◆ **Work required**: What you return should match the data below exactly, with no pictures in it.

[[ Raw data, beginning ]]

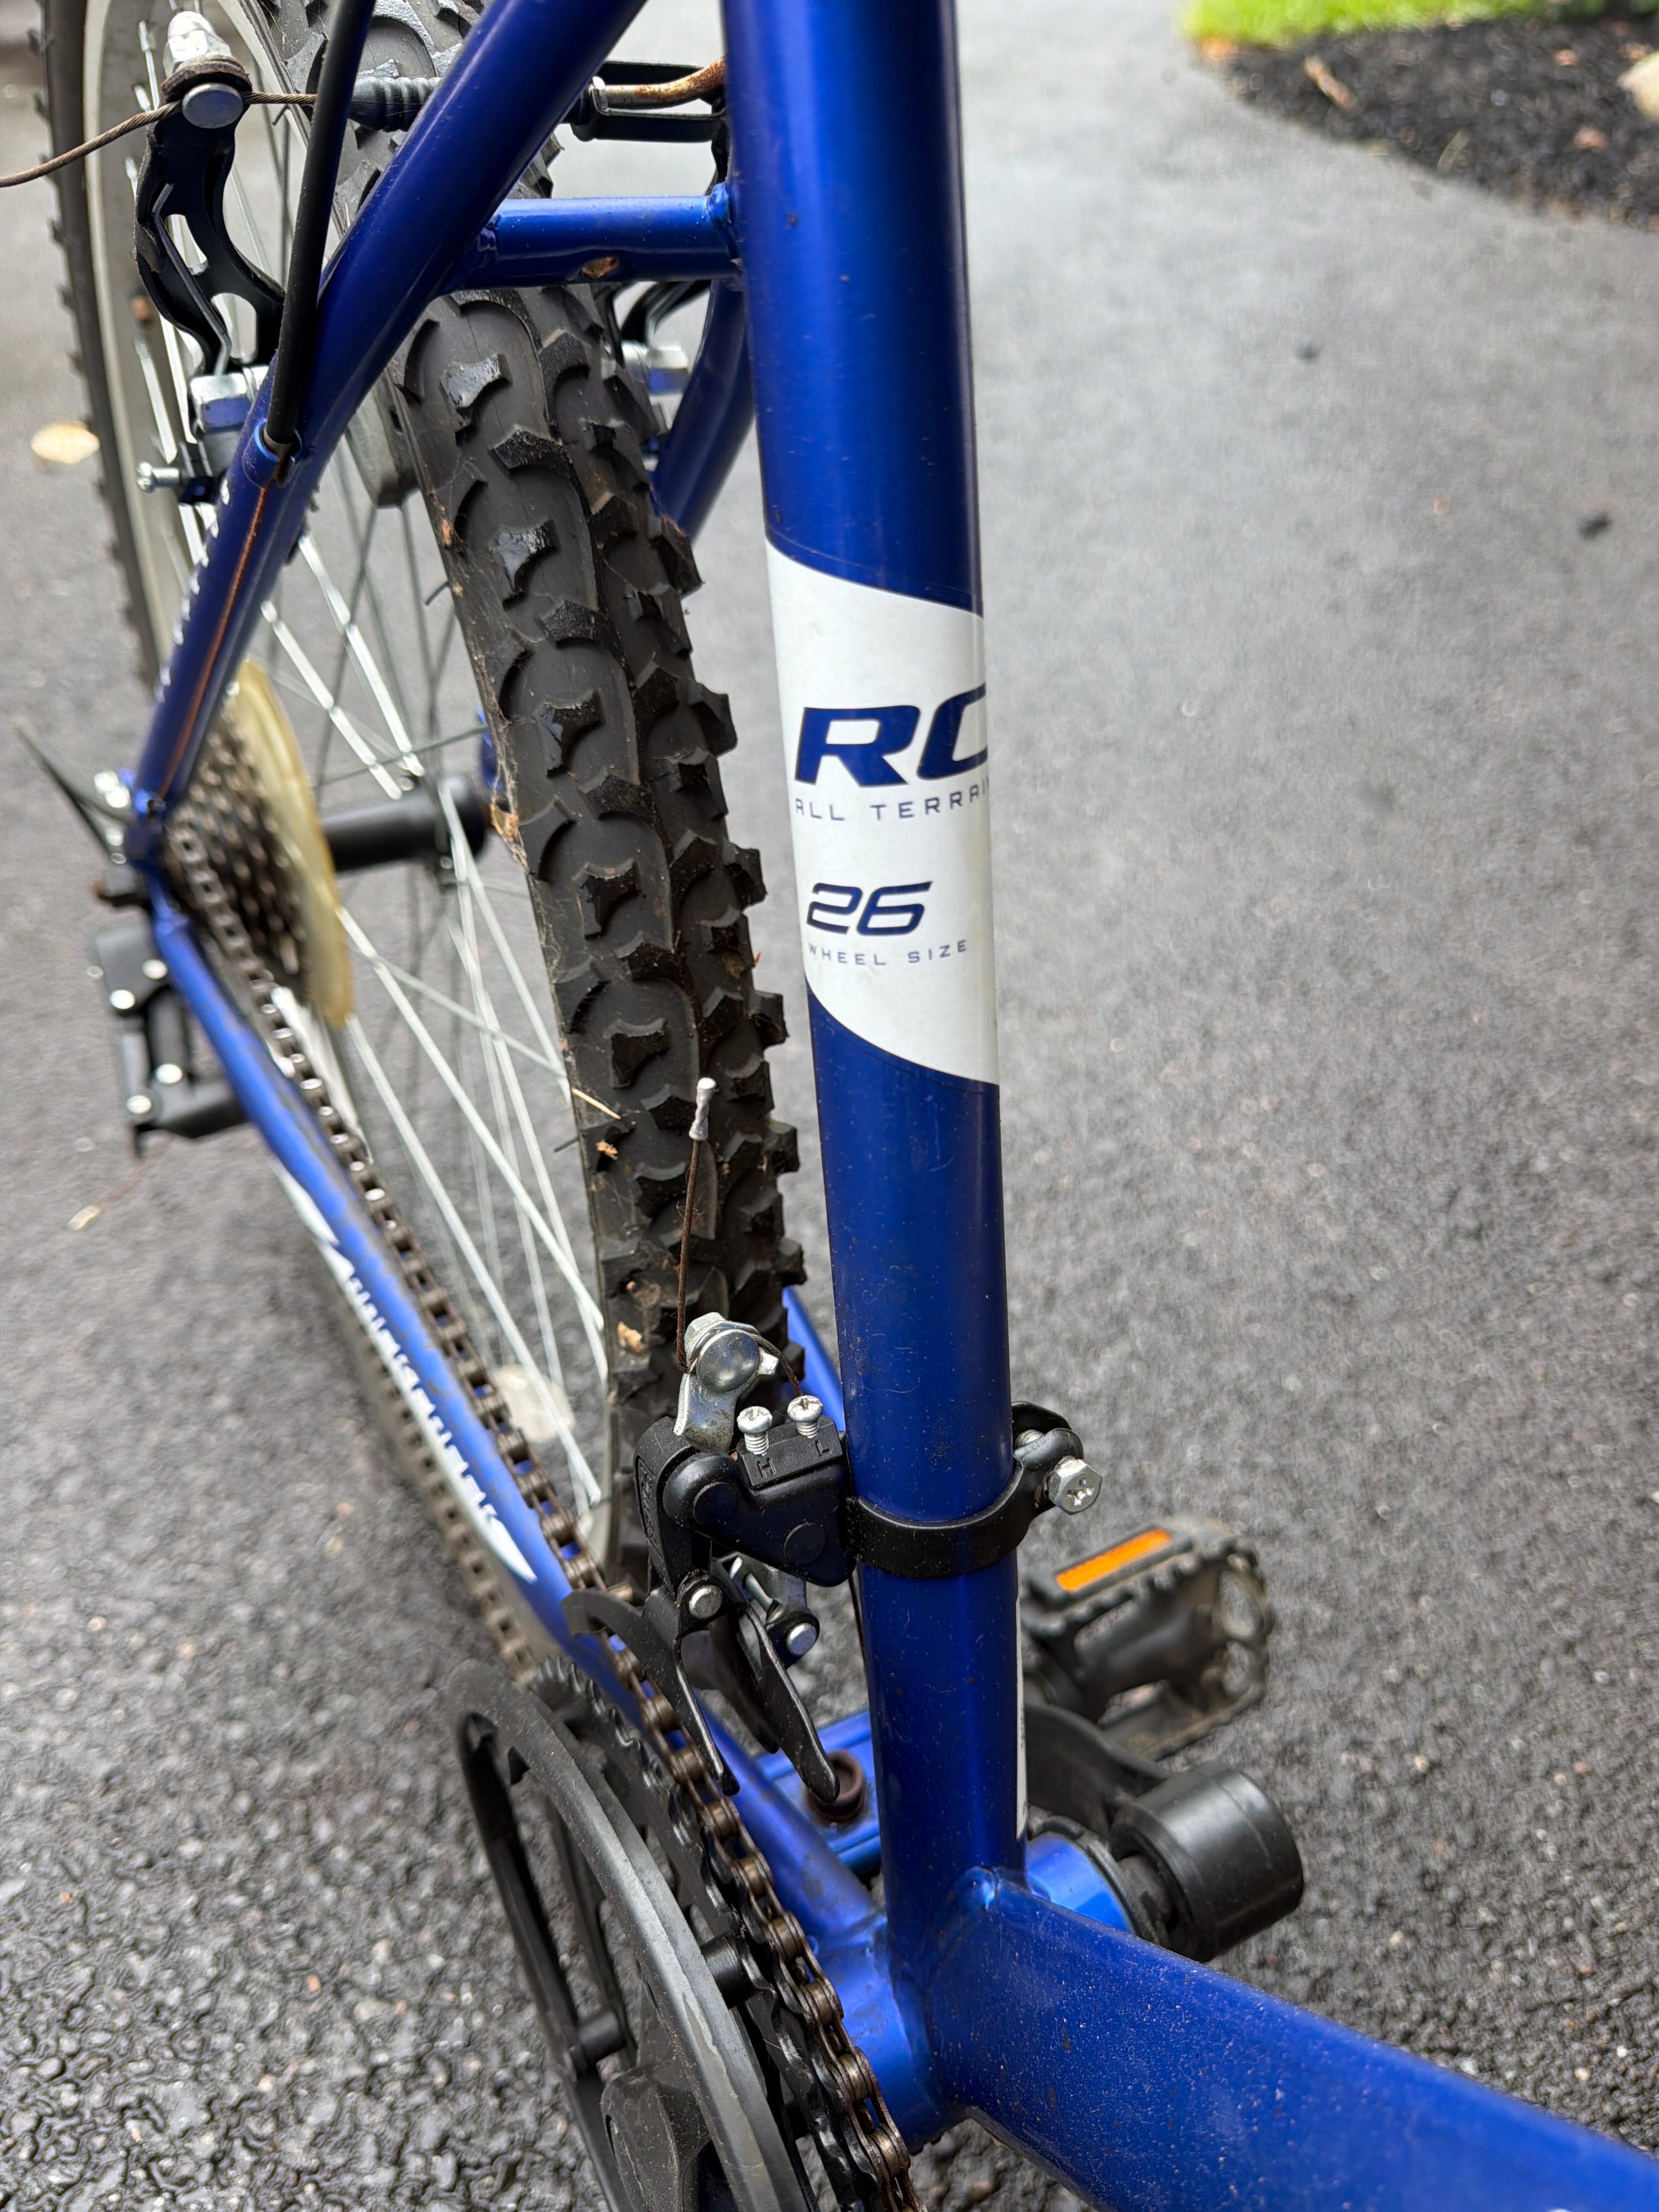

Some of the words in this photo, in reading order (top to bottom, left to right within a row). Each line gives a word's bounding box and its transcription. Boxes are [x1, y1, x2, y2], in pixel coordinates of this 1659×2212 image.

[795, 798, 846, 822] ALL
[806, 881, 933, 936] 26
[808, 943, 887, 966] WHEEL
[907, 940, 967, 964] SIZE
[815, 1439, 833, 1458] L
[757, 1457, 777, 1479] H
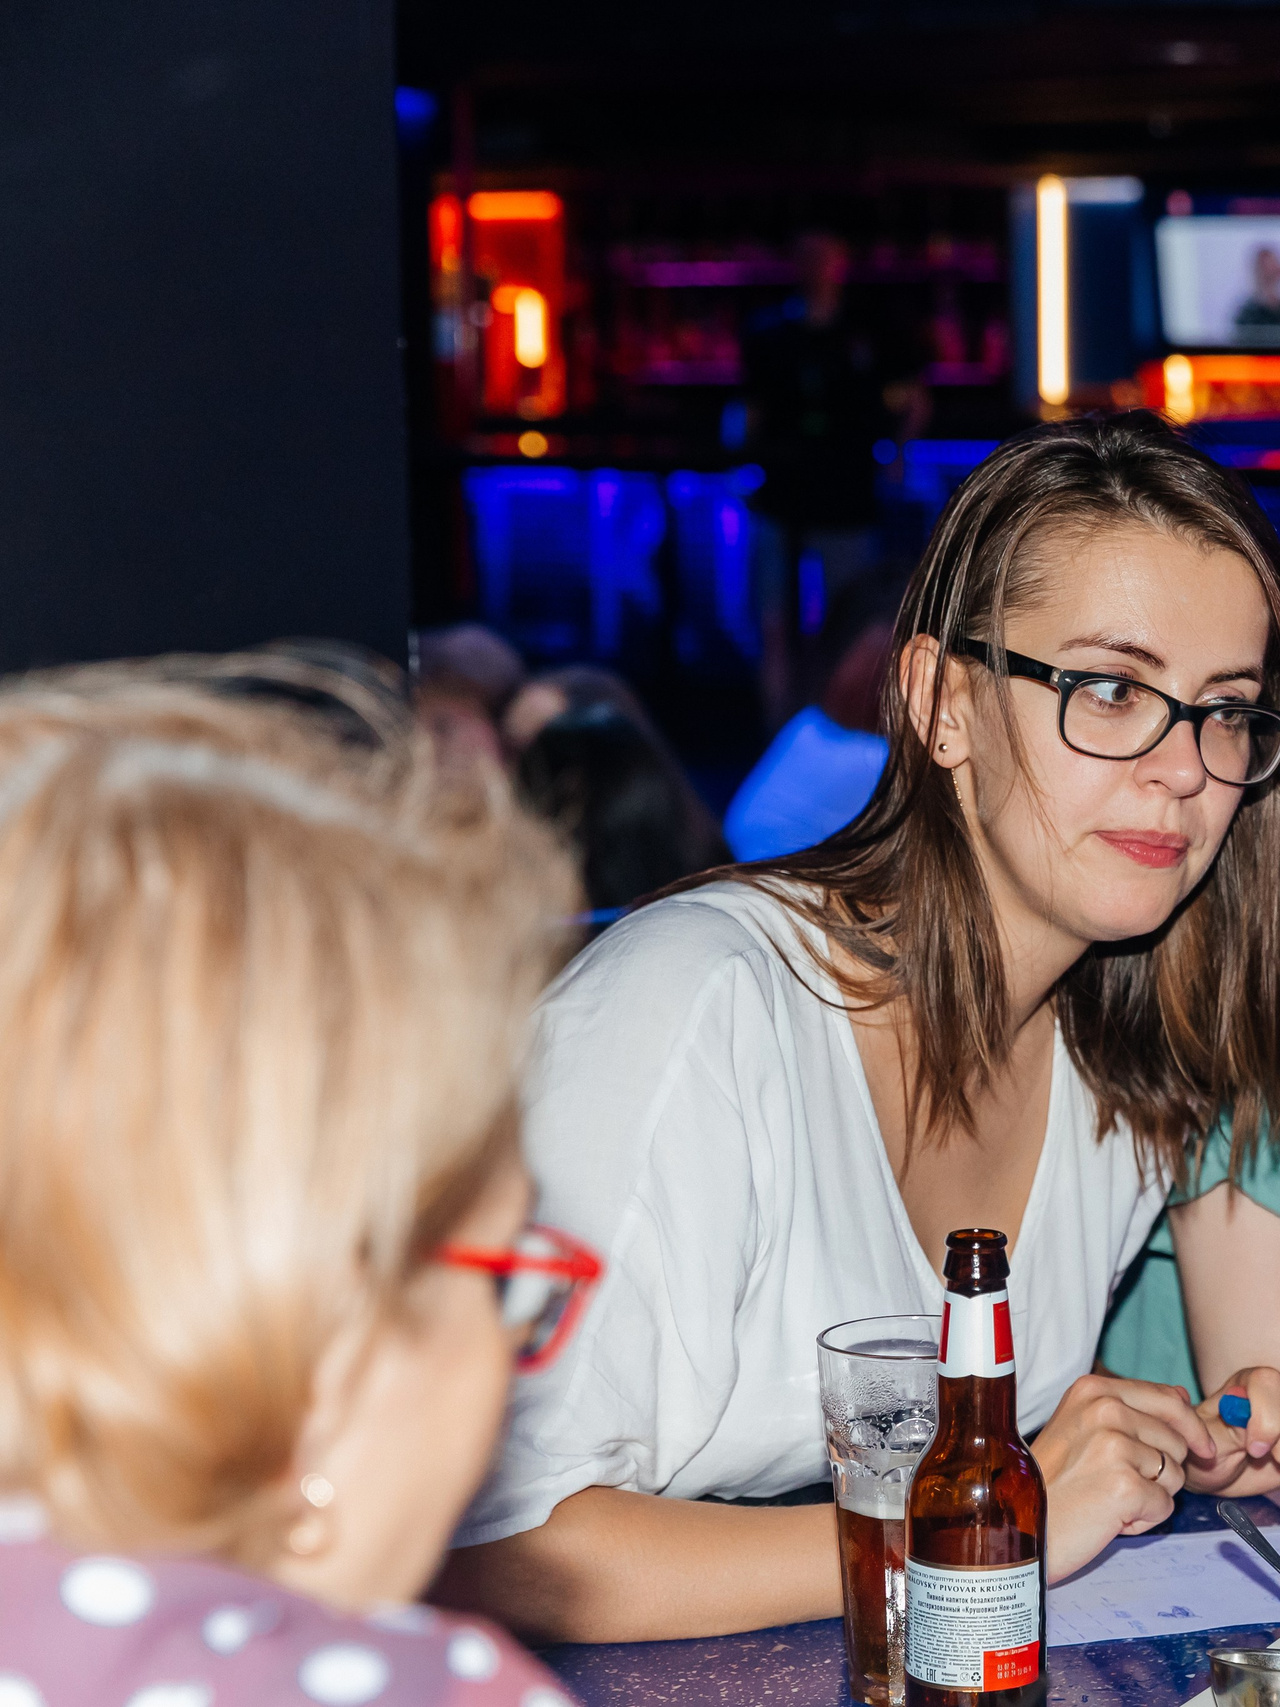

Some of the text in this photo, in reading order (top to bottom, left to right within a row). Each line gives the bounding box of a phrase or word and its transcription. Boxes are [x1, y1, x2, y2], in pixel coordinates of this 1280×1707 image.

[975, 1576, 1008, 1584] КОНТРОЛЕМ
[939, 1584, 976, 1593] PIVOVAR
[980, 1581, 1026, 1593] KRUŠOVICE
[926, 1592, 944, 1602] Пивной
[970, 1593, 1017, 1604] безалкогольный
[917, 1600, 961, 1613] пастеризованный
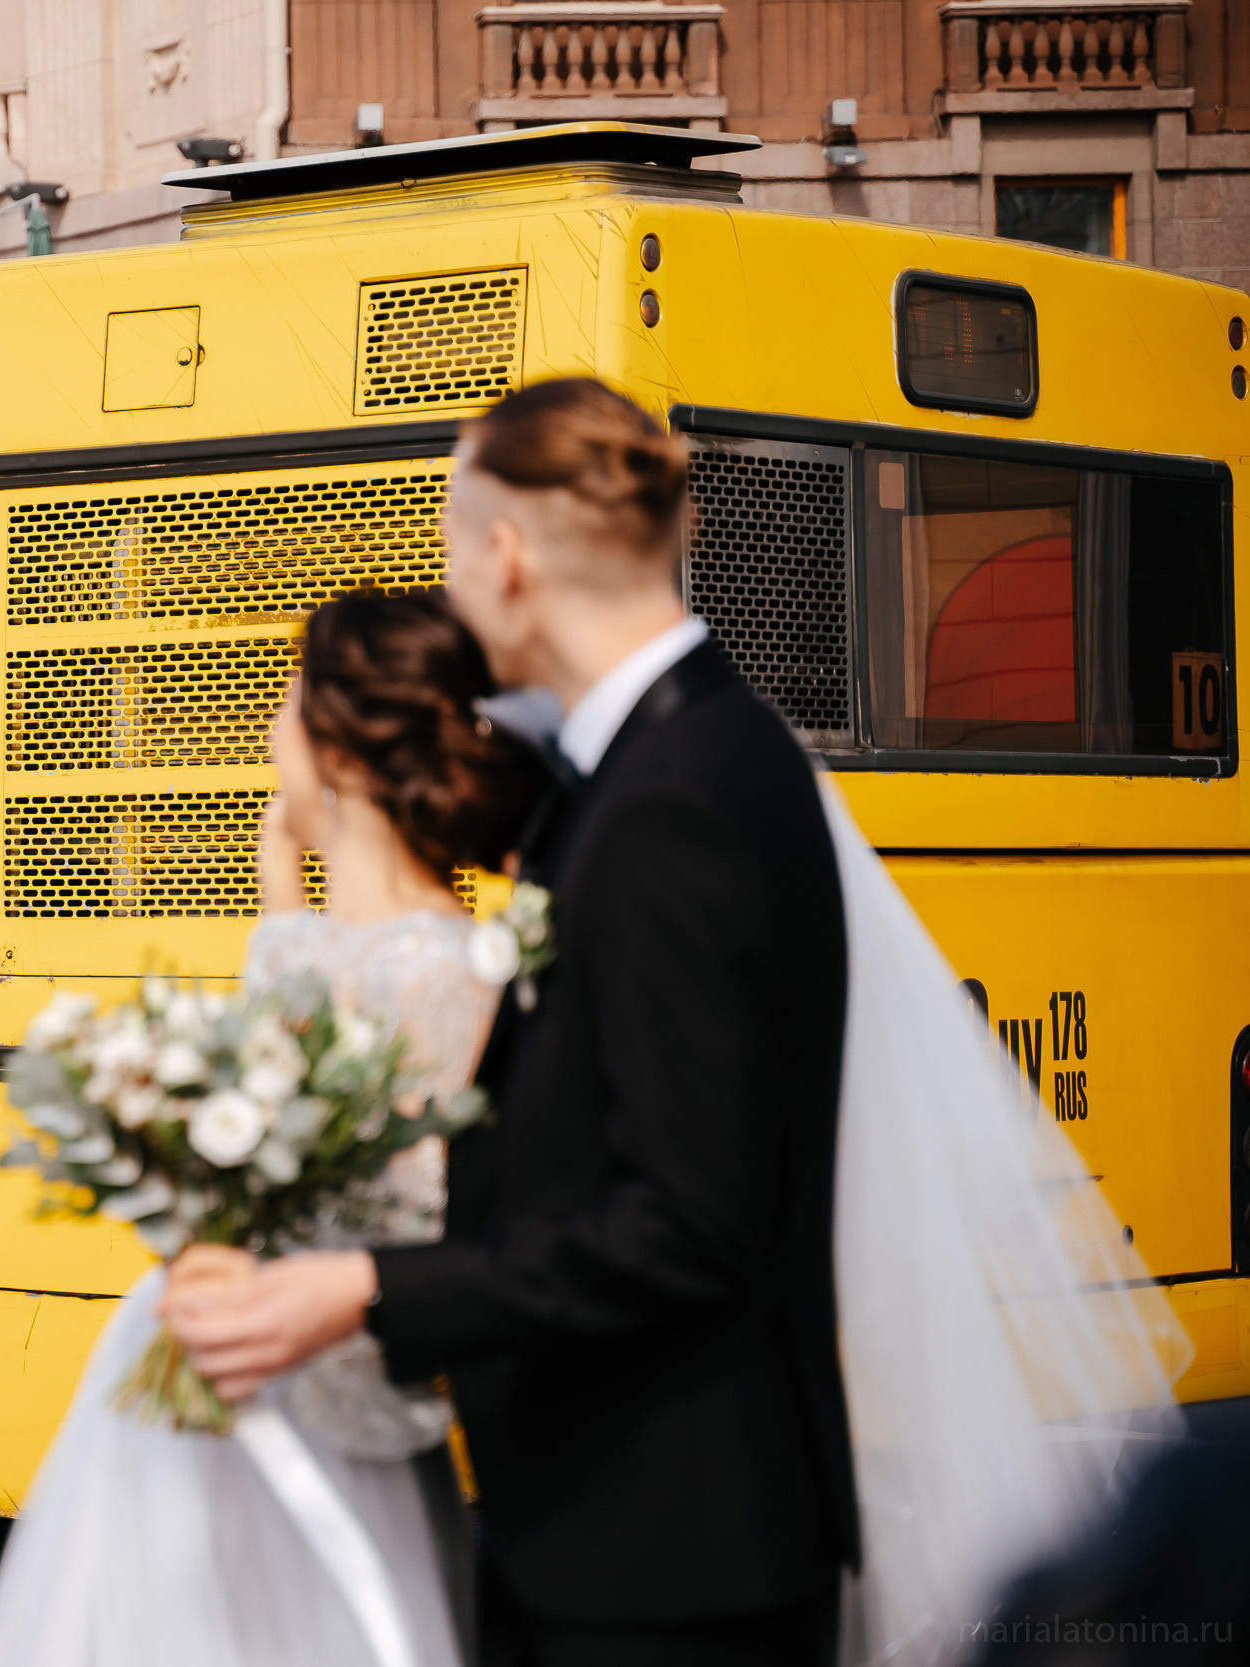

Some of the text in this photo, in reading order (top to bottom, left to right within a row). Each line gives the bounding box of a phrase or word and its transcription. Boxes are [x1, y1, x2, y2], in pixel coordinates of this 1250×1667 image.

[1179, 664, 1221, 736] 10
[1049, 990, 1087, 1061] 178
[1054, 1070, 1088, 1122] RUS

[[ Raw data, end ]]

◆ **Response to this exercise**:
Some of the words in this photo, in reading order (top to bottom, left to right within a row). Each line gives a word's bounding box and its transcription. Boxes are [x1, y1, x2, y2], in pixel coordinates of this 1659×2212 image.

[795, 798, 846, 822] ALL
[806, 881, 933, 936] 26
[808, 943, 887, 966] WHEEL
[907, 940, 967, 964] SIZE
[815, 1439, 833, 1458] L
[757, 1457, 777, 1479] H

Some of the text in this photo, in reading order (top to bottom, left to right within a row). Each line gives the bounding box of a phrase or word and its transcription. Boxes are [x1, y1, x2, y2], in pixel coordinates of this 1280×1707 image.

[975, 1576, 1008, 1584] КОНТРОЛЕМ
[939, 1584, 976, 1593] PIVOVAR
[980, 1581, 1026, 1593] KRUŠOVICE
[926, 1592, 944, 1602] Пивной
[970, 1593, 1017, 1604] безалкогольный
[917, 1600, 961, 1613] пастеризованный

Some of the text in this photo, in reading order (top to bottom, left to right within a row). Each line gives the bounding box of a phrase or word and its transcription. Boxes are [x1, y1, x2, y2], in pixel coordinates of this 1250×1667 image.

[1179, 664, 1221, 736] 10
[1049, 990, 1087, 1061] 178
[1054, 1070, 1088, 1122] RUS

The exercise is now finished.